The man—if any of his three companions on the roof had thought to ask him his name, he’d have lied to them—closes his eyes.
As soon as he does so, a moment from the past fills his mind. It always does, the same image, the same moment, every time
his eyes close. Twenty years.
He sees a bed, in a well-furnished room. On the floor beside it lies a naked man, face down, holding a fancy costume dagger.
His throat has been cut. On the bed there’s the body of a woman, and her throat’s been cut too, but she lies face upwards;
her lips are still moving, but her eyes are just taking on that cold, hard look. If a speck of dust were to land on them,
or a fly, they wouldn’t blink. He sees her through a red blur, because the blood from her jugular vein spurted in his face.
In his right hand he feels the handle of the folding knife.
(Always the same, always there. By now, surely, it should be familiar enough to be invisible. Once, when he was extremely
rich, he’d bought a painting by one of the great masters. He’d hung it on the wall opposite his bed, so it’d be the first
thing he saw when he woke up. A man could never get tired of looking at this picture, they reckoned. In its perfectly inclusive
lines, its total sublimation of symmetry and asymmetry, it contained every possibility in the world. After a week, he stopped
noticing it was there. A month later, he sold it, made a profit, and had a mirror put in its place, as a form of punishment.)
The woman’s lips stop moving, part-way through an unvoiced word, and then she just falls sideways, like a piece of furniture
carelessly knocked over. Her head cracks against the leg of the bed, making a wooden sound, like a stick hitting a ball.
He hears his name spoken; not his name, a word equally familiar, amounting to the same thing. Oh, he thinks, and turns round.
Twin boys, about seven years old, stand in the doorway, looking at him.
“Daddy?”
For some reason, he folds up the knife and puts it back in his pocket. “Go to your room,” he says. “Now.”
Neither of them moves. They stare at him, and it occurs to him that the look on their faces must be very much like the look
on his own, when he’d first entered the room.
(Still there, he thinks, and still the same; interesting. Surely, by now, that should have been the least of my problems.)
He opens his eyes.
On the morning of the day when Basso (Bassianus Severus, the future First Citizen) was born, his mother woke up to find a
strange woman sitting at the foot of her bed.
Her husband was away somewhere on business, and the servants slept downstairs. The woman was dirty and shabby, and she was
holding a small knife.
“Hello,” Basso’s mother said. “What do you want?”

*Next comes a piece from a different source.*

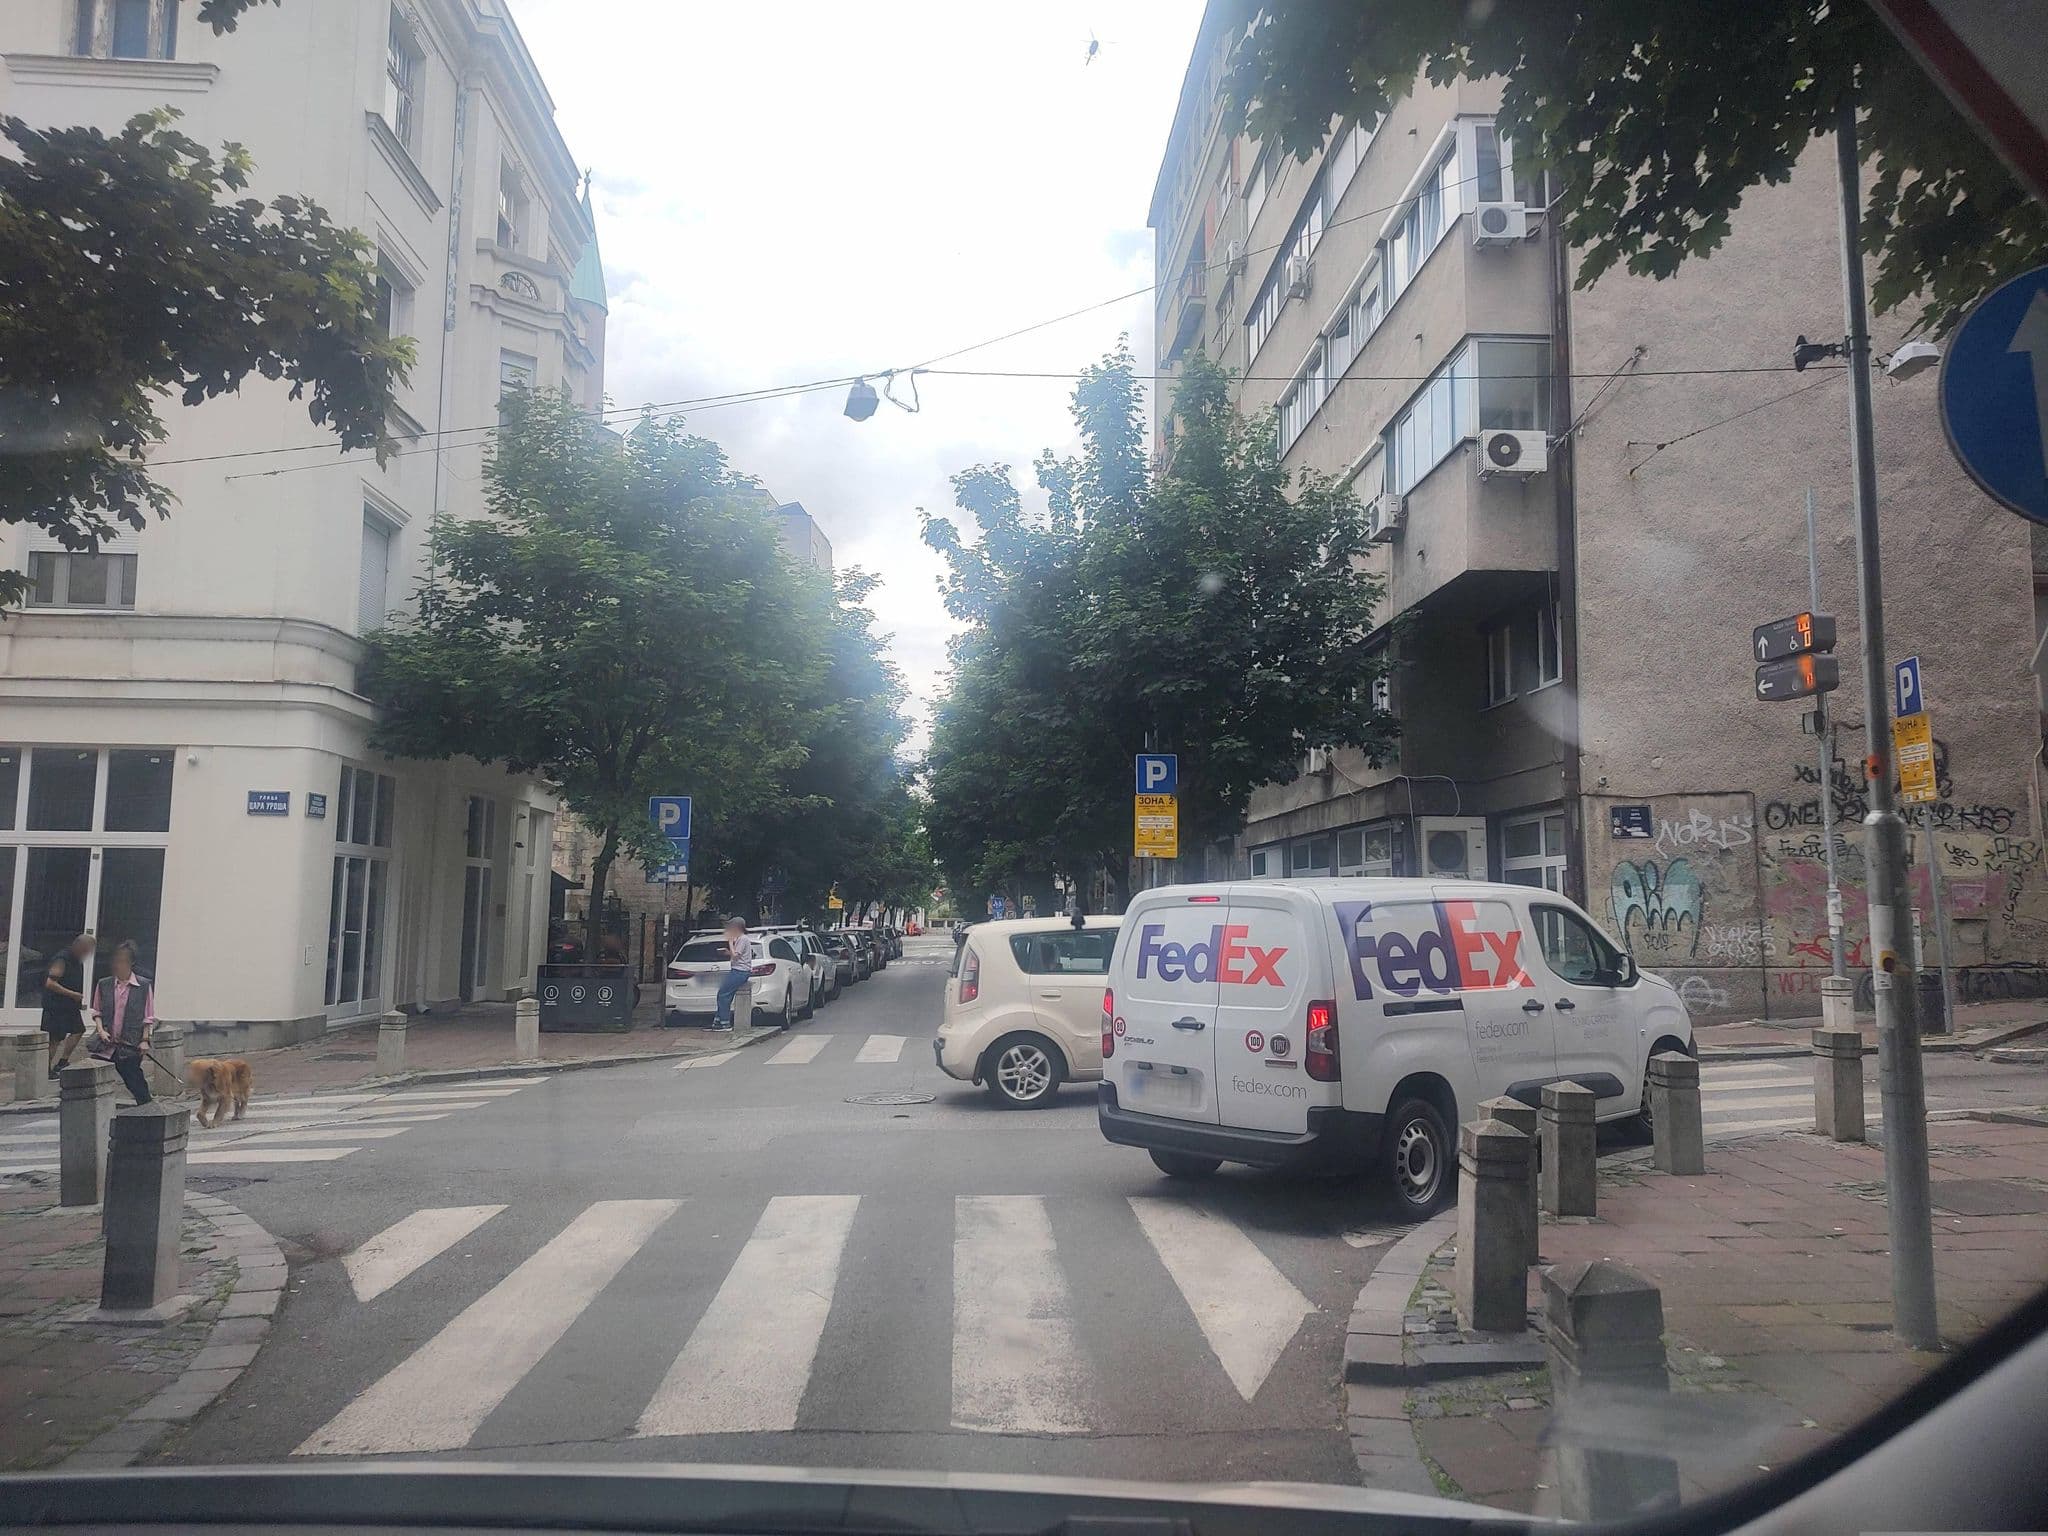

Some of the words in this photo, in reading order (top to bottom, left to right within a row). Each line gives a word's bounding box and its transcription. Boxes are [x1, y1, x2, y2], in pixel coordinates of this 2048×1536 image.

Over the woman’s shoulder, Basso’s mother could see that the skylight had been forced. She was shocked. It had never occurred
to her that a woman could climb a drainpipe.
“Money,” the woman said.
Basso’s mother assessed her. About her own age, though she looked much older; a foreigner, most likely a Mavortine (blonde
hair, short, fat nose, blue eyes); there were always Mavortines in the city at that time of year, seasonal workers. She was
wearing the remains of a man’s coat, several sizes too big.
“I’m terribly sorry,” Basso’s mother said, “but I don’t have any. My husband doesn’t let me have money. He does all the…”
The woman made a strange grunting noise; frustration and annoyance, all that work for nothing. “I’m sorry,” Basso’s mother
repeated. “If I had any money, I’d give it to you.” She paused, then added, “You look like you could use it.”
The woman scowled at her. “What about downstairs?”
Basso’s mother shook her head sadly. “All the money in the house is kept in my husband’s iron chest,” she said. “It’s got
seven padlocks, and he carries the keys about with him. The servants might have a few coppers,” she added helpfully, “but
it’s nearly the end of the month, so I doubt it.”
The woman was holding the knife rather than brandishing it. Basso’s mother guessed she’d used it to work open the skylight
catch. It was a folding knife, an expensive item, with a slim blade and a gold handle; the sort of thing a prosperous clerk
would own, for sharpening pens.
“If you’re that hard up,” Basso’s mother said, “you could sell your knife. It must be worth a bit.”
The woman looked at it, then back at her. “Can’t,” she said. “If I went in a shop, they’d know it was stolen. I’d be arrested.”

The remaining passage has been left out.